**WHAT IS NEEDED**
Leave out the images and transcribe the entries below word for word.

Saved entries:
<<<<
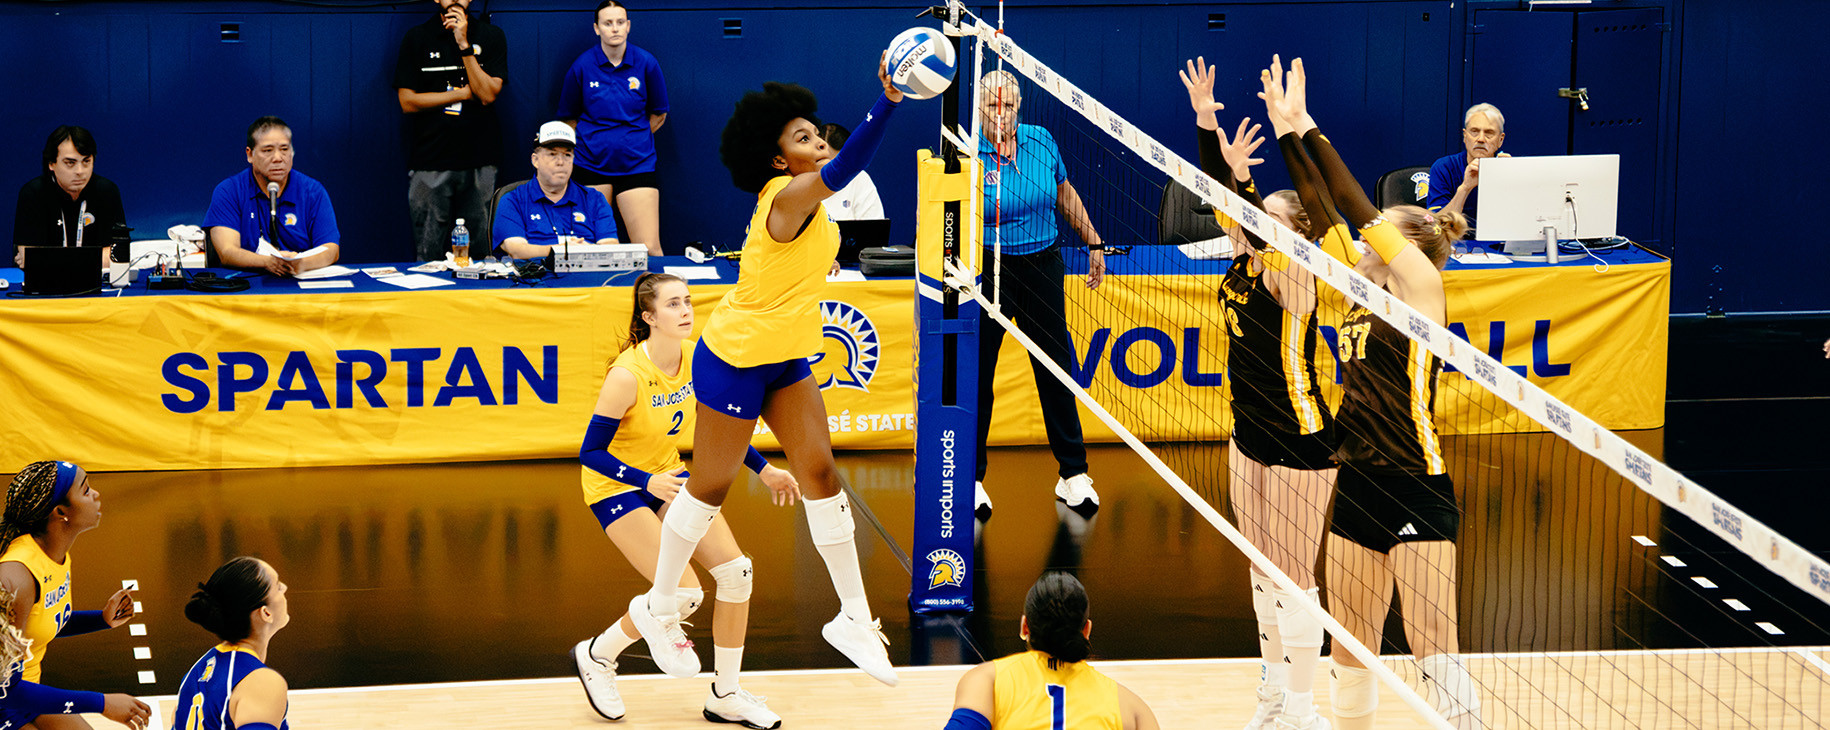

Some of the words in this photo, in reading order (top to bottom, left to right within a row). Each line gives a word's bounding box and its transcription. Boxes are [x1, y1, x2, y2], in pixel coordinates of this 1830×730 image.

[896, 45, 928, 77] molten
[944, 211, 955, 248] sports
[1067, 318, 1572, 389] VOLALL
[1338, 321, 1371, 363] 57
[160, 344, 559, 414] SPARTAN
[667, 410, 684, 436] 2
[828, 409, 851, 432] SÉ
[856, 413, 914, 432] STATE
[940, 429, 956, 478] sports
[939, 479, 955, 538] imports
[1046, 683, 1066, 730] 1
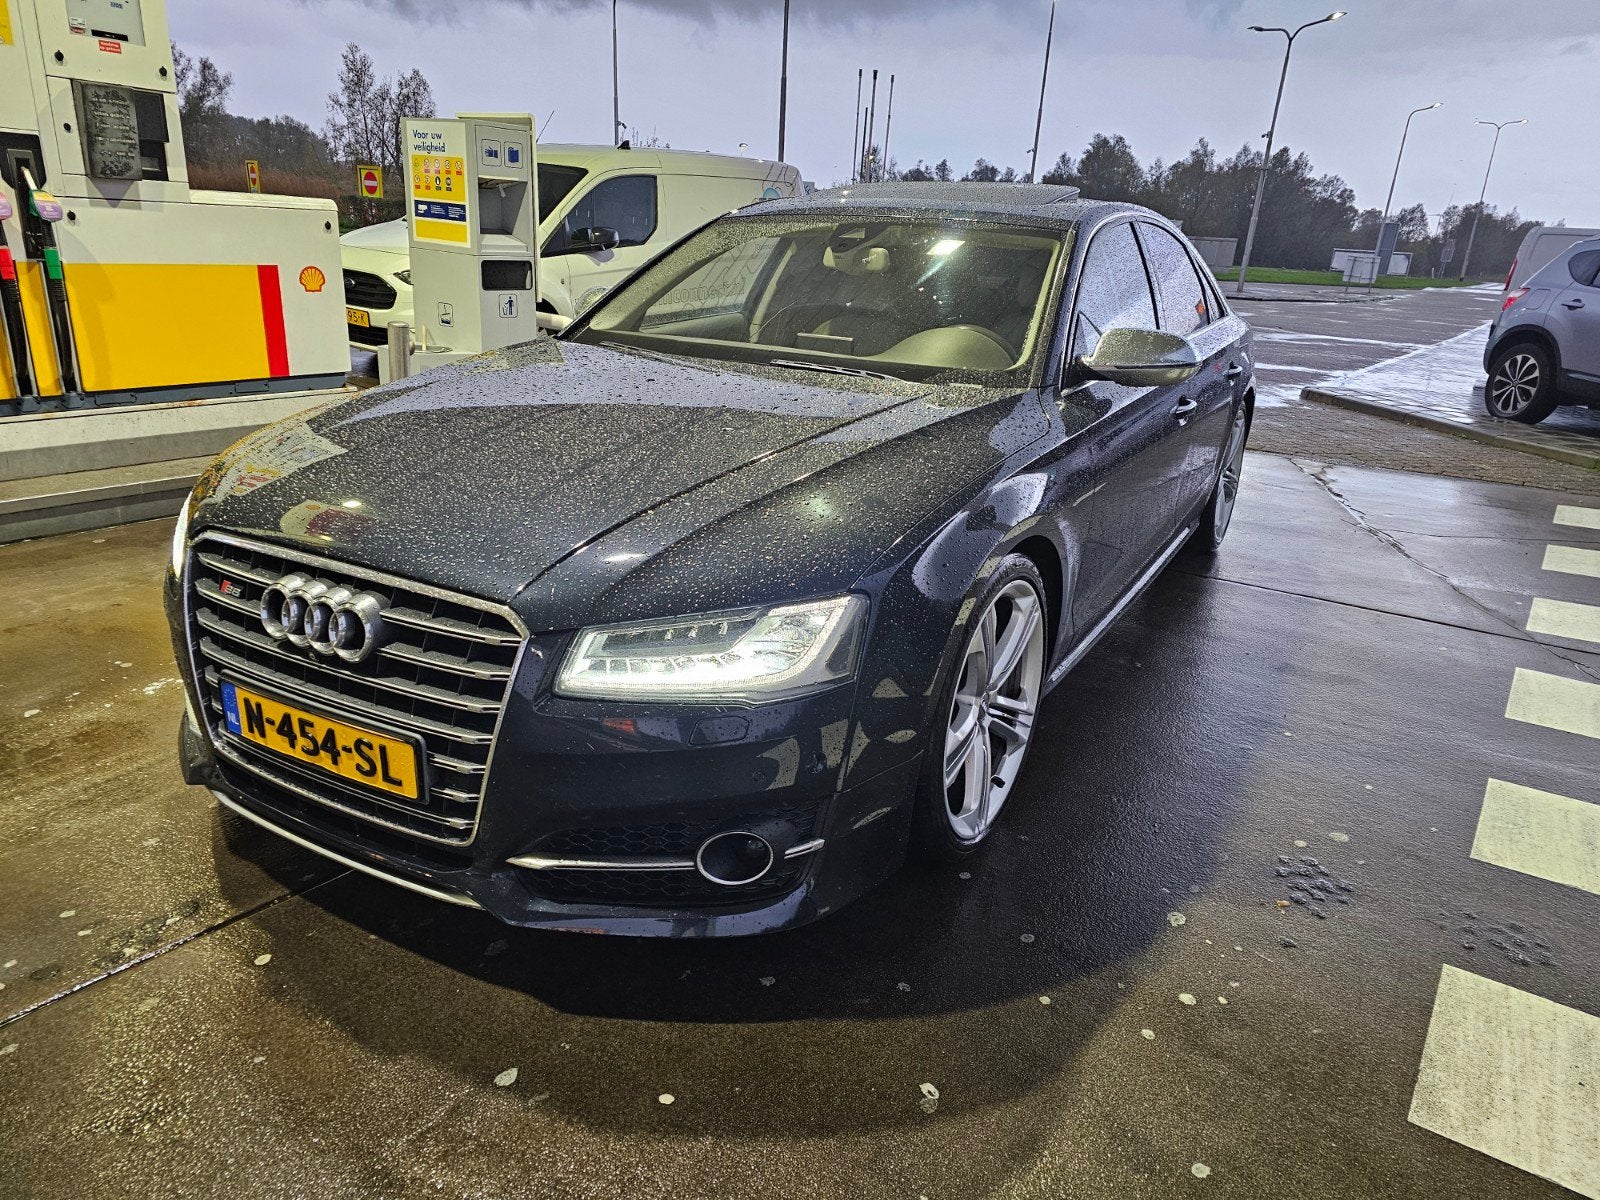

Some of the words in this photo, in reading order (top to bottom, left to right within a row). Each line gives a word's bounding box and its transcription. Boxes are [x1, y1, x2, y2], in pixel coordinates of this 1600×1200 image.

[412, 129, 428, 139] Voor
[430, 132, 443, 140] uw
[413, 141, 446, 154] veiligheid
[227, 711, 240, 725] NL
[243, 696, 403, 787] N-454-SL
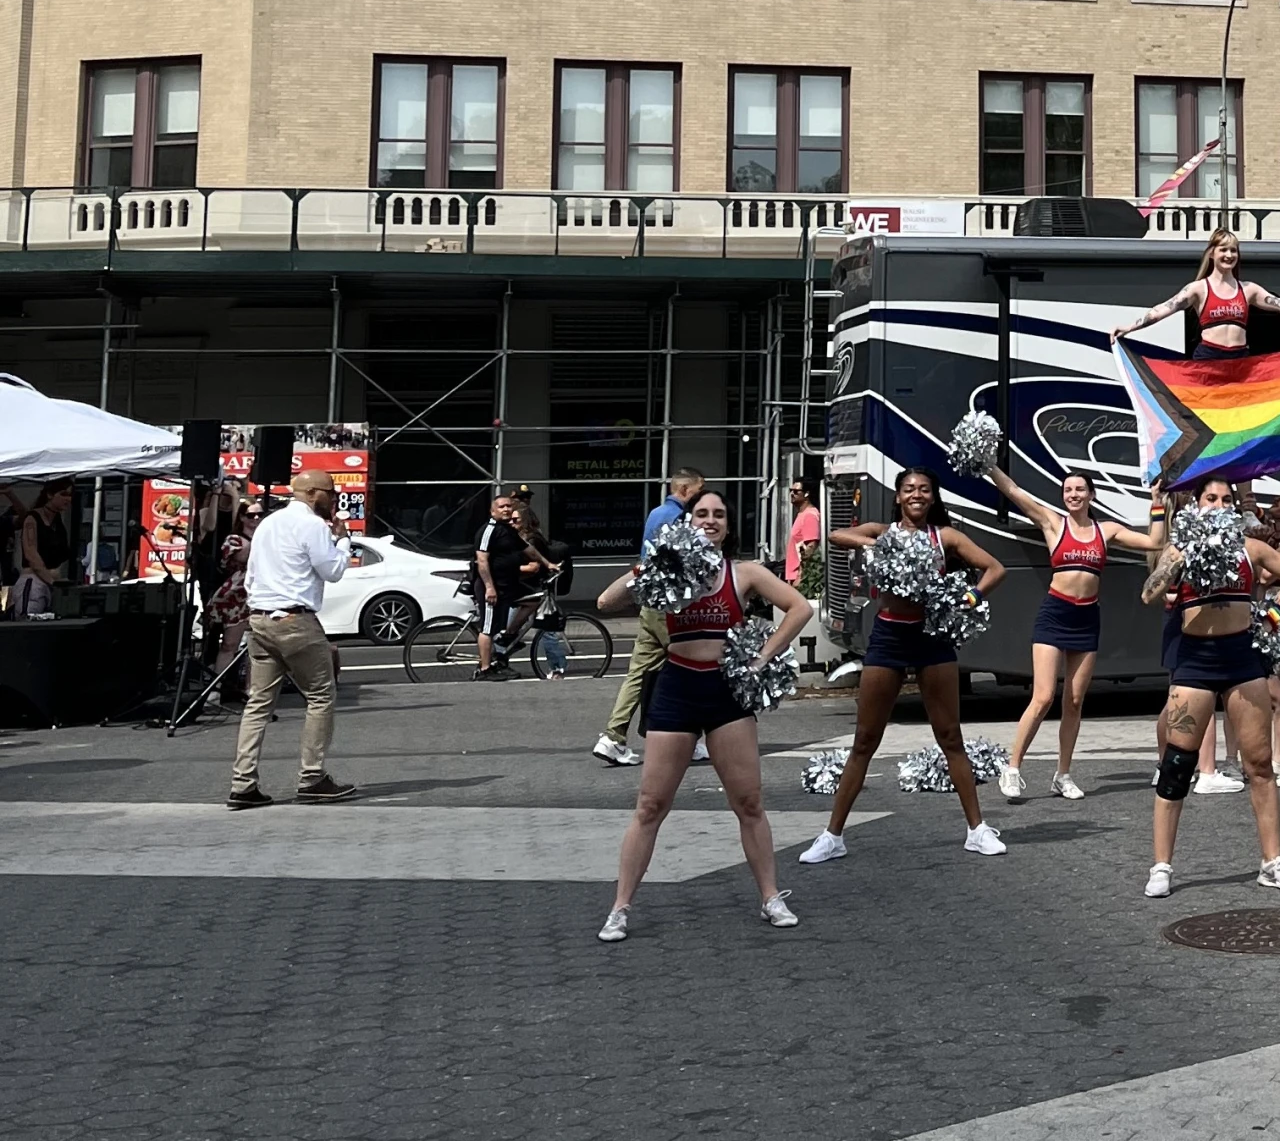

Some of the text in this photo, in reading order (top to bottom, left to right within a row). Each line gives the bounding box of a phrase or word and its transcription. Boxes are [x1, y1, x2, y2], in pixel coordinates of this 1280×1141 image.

[850, 212, 890, 233] WE
[567, 459, 645, 470] RETAIL SPAC
[582, 538, 634, 548] NEWMARK
[170, 550, 186, 561] DO
[675, 613, 730, 626] NEW YORK
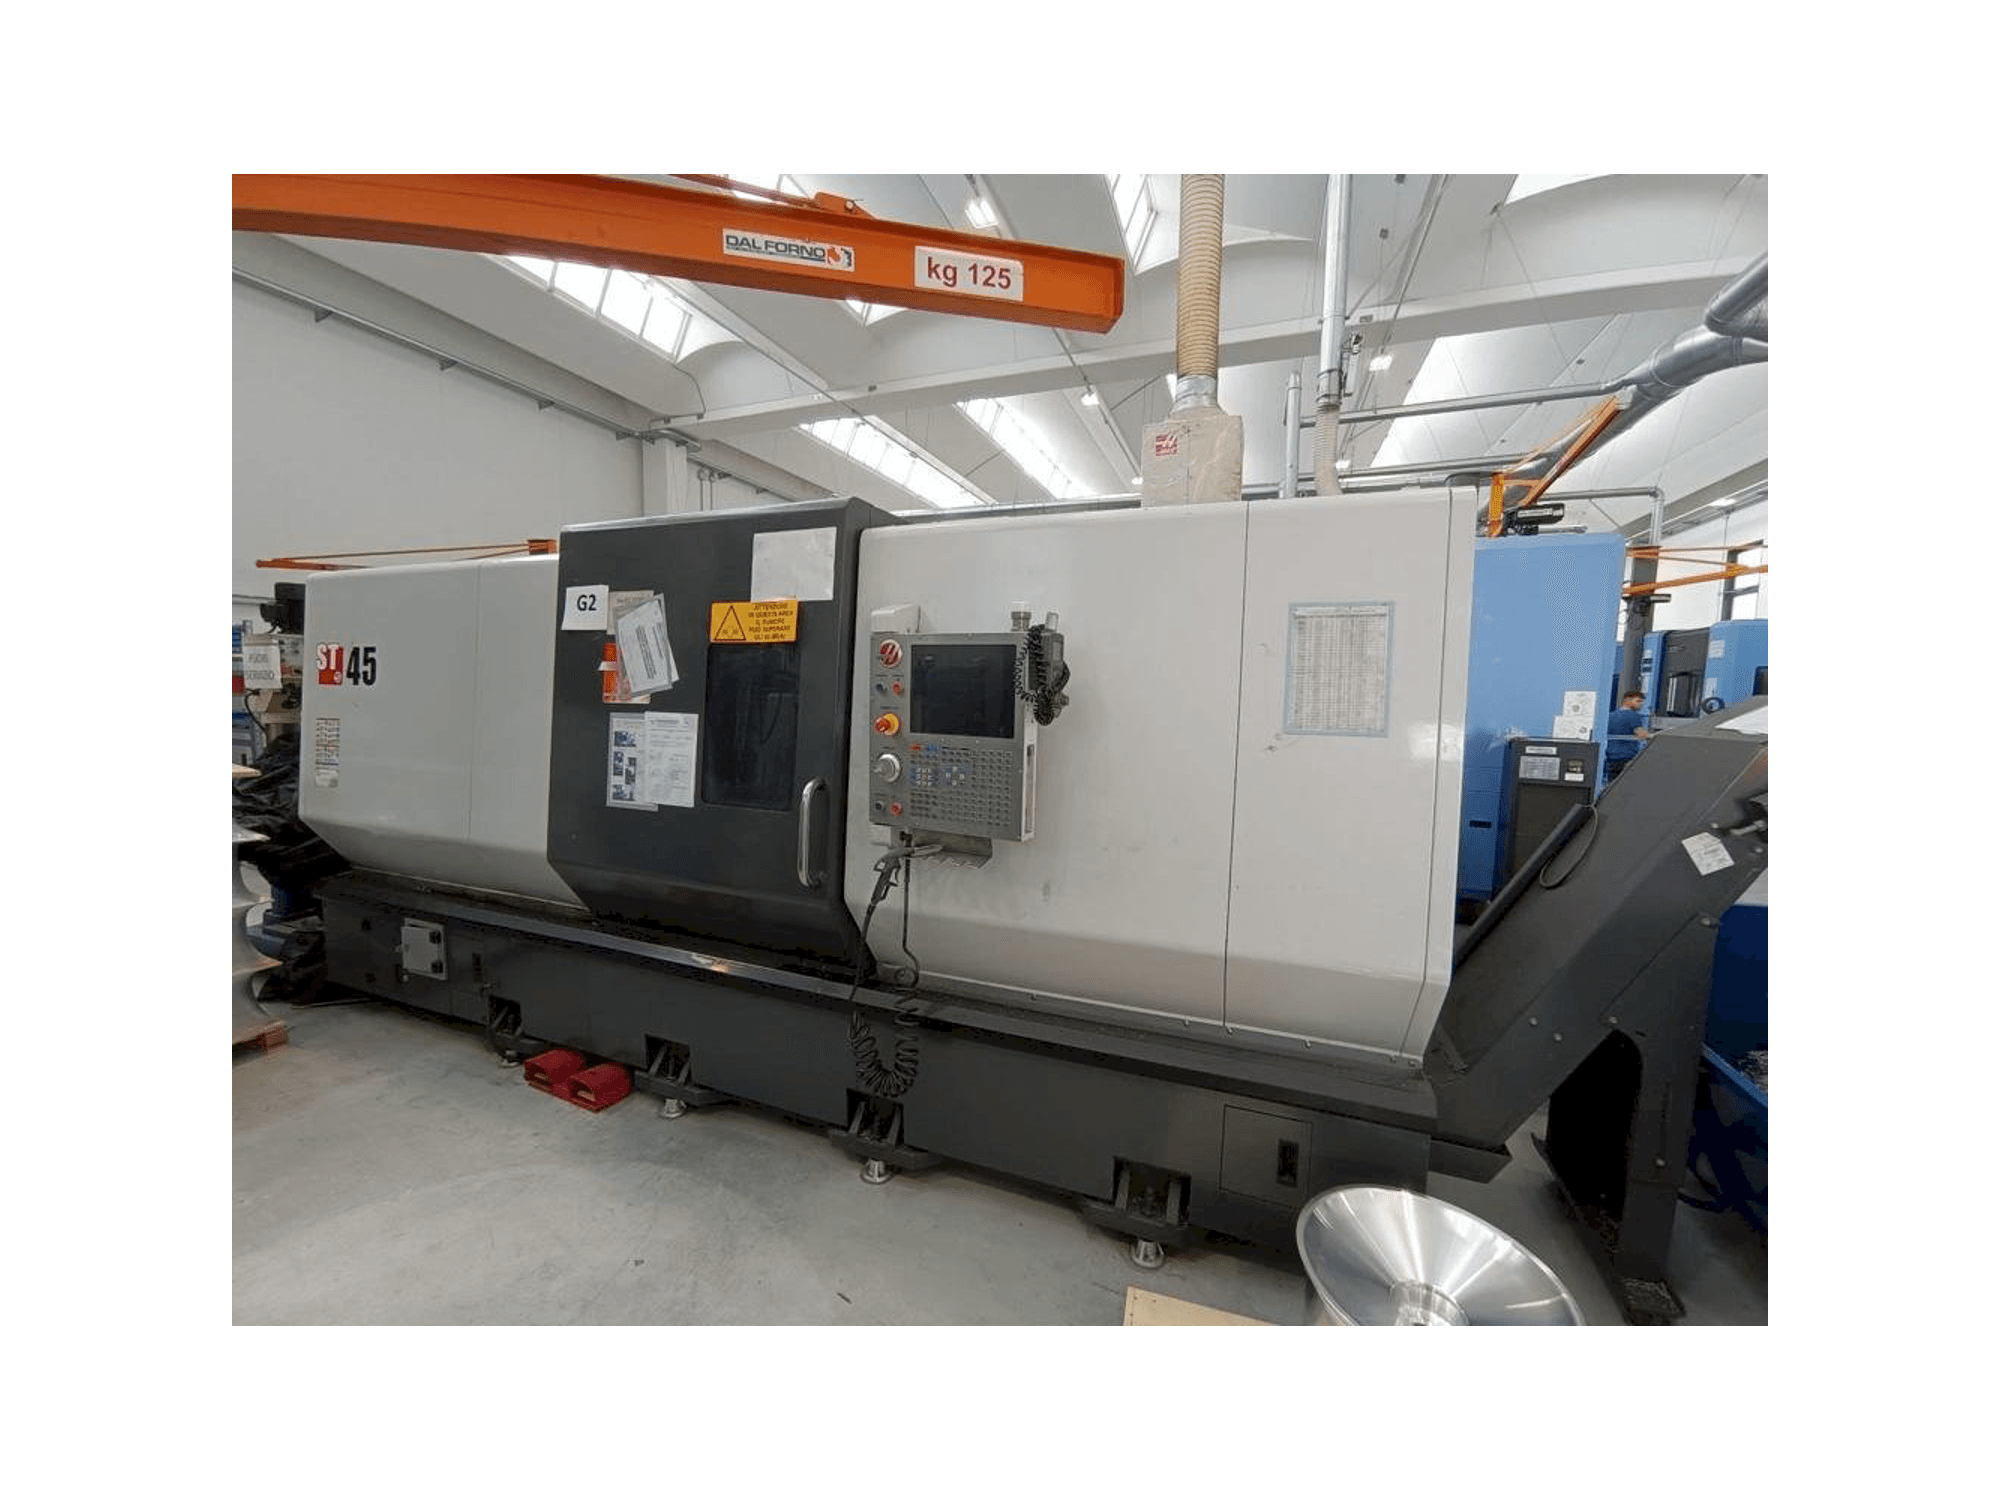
>>>>
**RESPONSE AREA**
Some of the words in this photo, in reading order (top to bottom, left to right within a row). Each line gives a word's bounding box and its transcription. Boxes are [x1, y1, x2, y2], in pixel coordinates of this 1830×730 image.

[896, 45, 928, 77] molten
[944, 211, 955, 248] sports
[1067, 318, 1572, 389] VOLALL
[1338, 321, 1371, 363] 57
[160, 344, 559, 414] SPARTAN
[667, 410, 684, 436] 2
[828, 409, 851, 432] SÉ
[856, 413, 914, 432] STATE
[940, 429, 956, 478] sports
[939, 479, 955, 538] imports
[1046, 683, 1066, 730] 1

Some of the words in this photo, in reading order (top to bottom, left to right within a row). Each line gives a word's bounding box and its transcription. Boxes are [x1, y1, x2, y2], in pixel coordinates of this 1600×1200 image.

[412, 129, 428, 139] Voor
[430, 132, 443, 140] uw
[413, 141, 446, 154] veiligheid
[227, 711, 240, 725] NL
[243, 696, 403, 787] N-454-SL

Some of the text in this photo, in reading order (top to bottom, left to right within a row). Each line gives the bounding box of a phrase or word and its transcription. Boxes are [x1, y1, x2, y2], in pixel coordinates of this 1280×1141 image.

[850, 212, 890, 233] WE
[567, 459, 645, 470] RETAIL SPAC
[582, 538, 634, 548] NEWMARK
[170, 550, 186, 561] DO
[675, 613, 730, 626] NEW YORK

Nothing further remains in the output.